A monoclonal antibody against the surface of osteoblasts recognizes alkaline phosphatase isoenzymes in bone, liver, kidney, and intestine

Monoclonal antibodies against the surface of embryonic osteogenic cells have been used to characterize the osteoblastic lineage. One antibody, SB-1, reacts in frozen sections with a family of cells in bone, liver, kidney, and intestine which are identically stained by the histochemical substrate for alkaline phosphatase. In this report, biochemical and immunochemical evidence is presented to indicate that SB-1 is directed against an epitope on alkaline phosphatase which is shared by isoenzymes in a variety of chick tissues.
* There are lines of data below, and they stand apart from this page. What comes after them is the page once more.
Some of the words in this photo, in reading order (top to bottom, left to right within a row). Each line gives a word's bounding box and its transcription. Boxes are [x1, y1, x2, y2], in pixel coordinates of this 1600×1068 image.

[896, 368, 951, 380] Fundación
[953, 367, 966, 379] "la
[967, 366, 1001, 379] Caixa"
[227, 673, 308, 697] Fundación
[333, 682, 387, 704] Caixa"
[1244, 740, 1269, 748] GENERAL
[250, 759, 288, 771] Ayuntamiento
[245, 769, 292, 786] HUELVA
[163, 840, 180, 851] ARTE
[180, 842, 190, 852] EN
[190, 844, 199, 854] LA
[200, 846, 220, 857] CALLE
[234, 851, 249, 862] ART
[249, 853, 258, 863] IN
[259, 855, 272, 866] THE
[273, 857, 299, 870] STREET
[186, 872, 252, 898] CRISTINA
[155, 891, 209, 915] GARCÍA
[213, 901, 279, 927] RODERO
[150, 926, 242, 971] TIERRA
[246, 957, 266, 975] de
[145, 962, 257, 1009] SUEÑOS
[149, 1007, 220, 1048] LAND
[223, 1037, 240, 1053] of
In a solid-phase assay system, high dilutions (1:10(5] of ascites fluid were found to give significant binding of SB-1 to alkaline phosphatase extracted from chick limb or intestine. Partial purification of intestinal alkaline phosphatase on a Sepharose CL-6B column results in the co-elution of alkaline phosphatase enzyme activity and antibody-binding material; this indicates that SB-1 recognizes intestinal alkaline phosphatase rather than an impurity in the crude preparation. Furthermore, Western immunoblots of chick calvarial bone extract electrophoresed on a 5-20% SDS-polyacrylamide gel show that SB-1 reacts with a single 155 kD band which also is stained by the alkaline phosphatase histochemical substrate. In a similar set of experiments, SB-1 reacts with an intestinal alkaline phosphatase isoenzyme whose molecular weight is approximately 185 kD. From these studies, we conclude that SB-1 is specifically reactive with alkaline phosphatase isoenzymes present in bone, liver, kidney, cartilage, and intestine. The reactive epitope is stable to SDS denaturation, not associated with the active site of the enzyme, and dependent on disulfide bonds which impart secondary structure to the protein.